**The data**
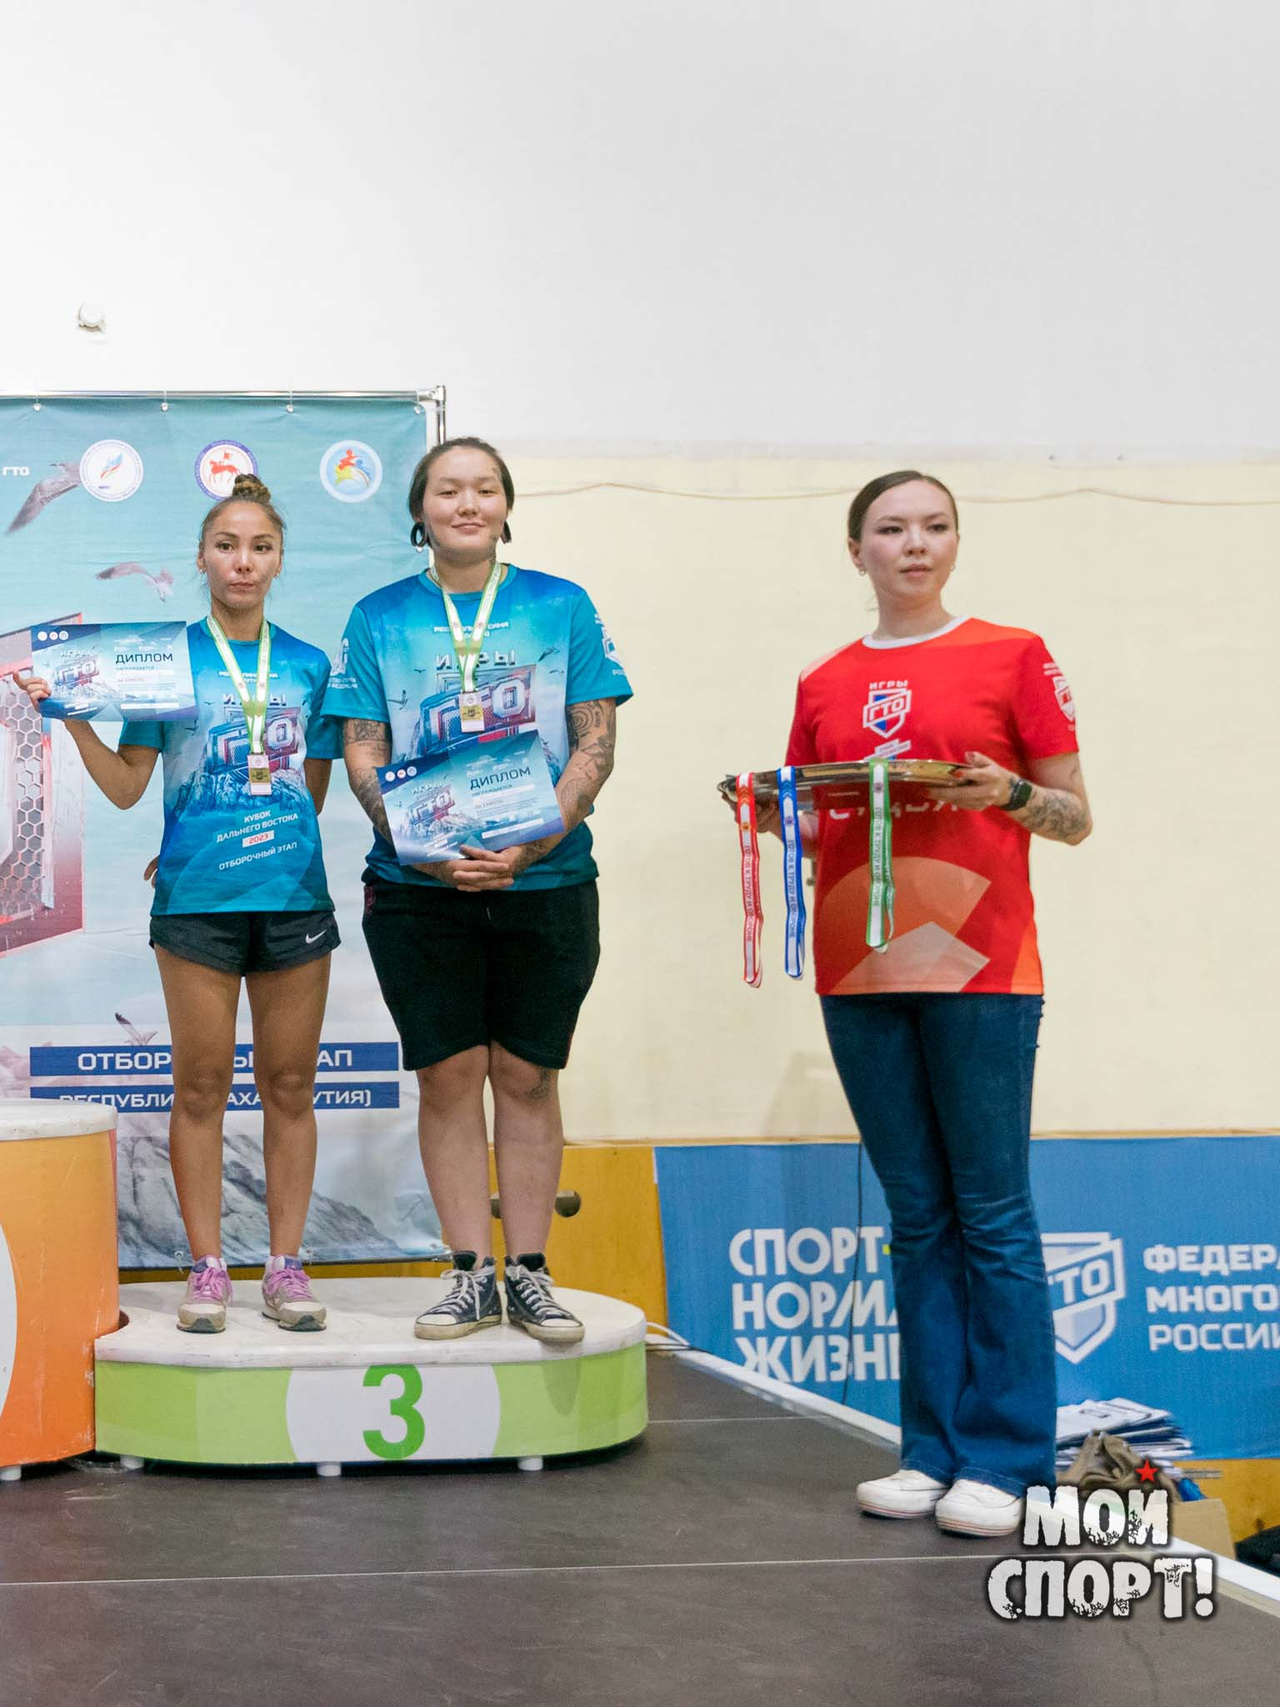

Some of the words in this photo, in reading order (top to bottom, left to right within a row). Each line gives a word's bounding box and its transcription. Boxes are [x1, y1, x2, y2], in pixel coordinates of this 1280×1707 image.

[2, 466, 30, 476] ГТО
[116, 652, 174, 665] ДИПЛОМ
[869, 680, 908, 690] ИГРЫ
[869, 697, 905, 721] ГТО
[470, 767, 531, 791] ДИПЛОМ
[216, 823, 261, 843] ДАЛЬНЕГО
[261, 813, 299, 829] ВОСТОКА
[244, 810, 272, 823] КУБОК
[248, 833, 269, 844] 2023
[219, 847, 276, 871] ОТБОРОЧНЫЙ
[277, 841, 298, 853] ЭТАП
[223, 1091, 261, 1106] АХА
[1143, 1244, 1280, 1276] ФЕДЕР
[1048, 1259, 1110, 1305] ТО
[731, 1280, 898, 1331] НОРМ
[362, 1364, 426, 1460] 3
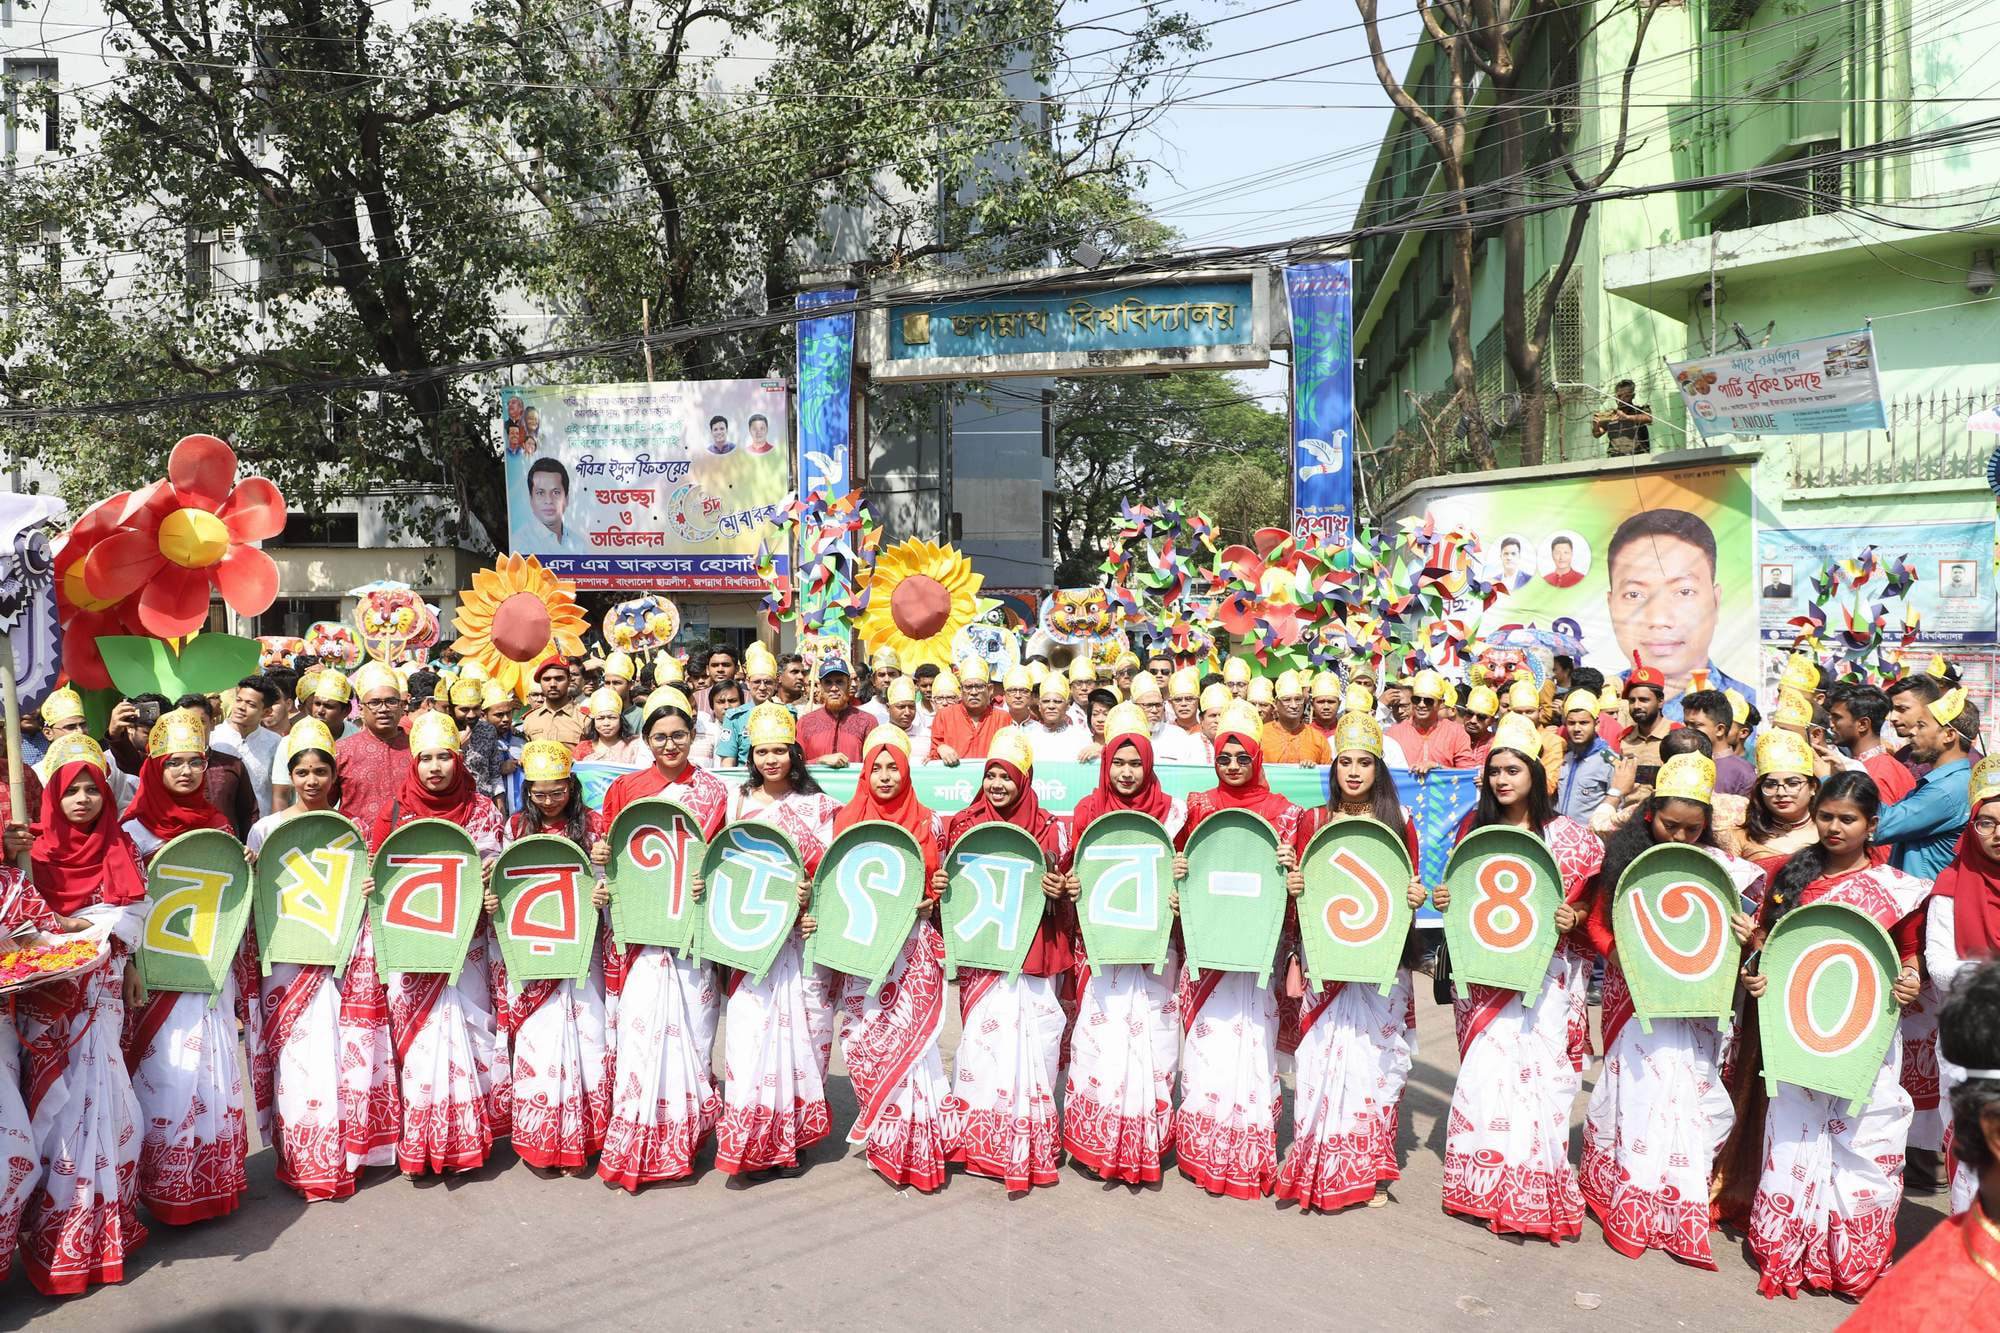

**Problem statement**
The data above must be given again in full and unaltered, minus its images.

**Solution to the exercise**
Some of the words in this photo, in reading order (top to bottom, left to right within a row). Each line gives a word's bounding box and its transcription. Boxes are [x1, y1, x2, y2], in pixel coordinates of this 1280×1707 image.

[2, 466, 30, 476] ГТО
[116, 652, 174, 665] ДИПЛОМ
[869, 680, 908, 690] ИГРЫ
[869, 697, 905, 721] ГТО
[470, 767, 531, 791] ДИПЛОМ
[216, 823, 261, 843] ДАЛЬНЕГО
[261, 813, 299, 829] ВОСТОКА
[244, 810, 272, 823] КУБОК
[248, 833, 269, 844] 2023
[219, 847, 276, 871] ОТБОРОЧНЫЙ
[277, 841, 298, 853] ЭТАП
[223, 1091, 261, 1106] АХА
[1143, 1244, 1280, 1276] ФЕДЕР
[1048, 1259, 1110, 1305] ТО
[731, 1280, 898, 1331] НОРМ
[362, 1364, 426, 1460] 3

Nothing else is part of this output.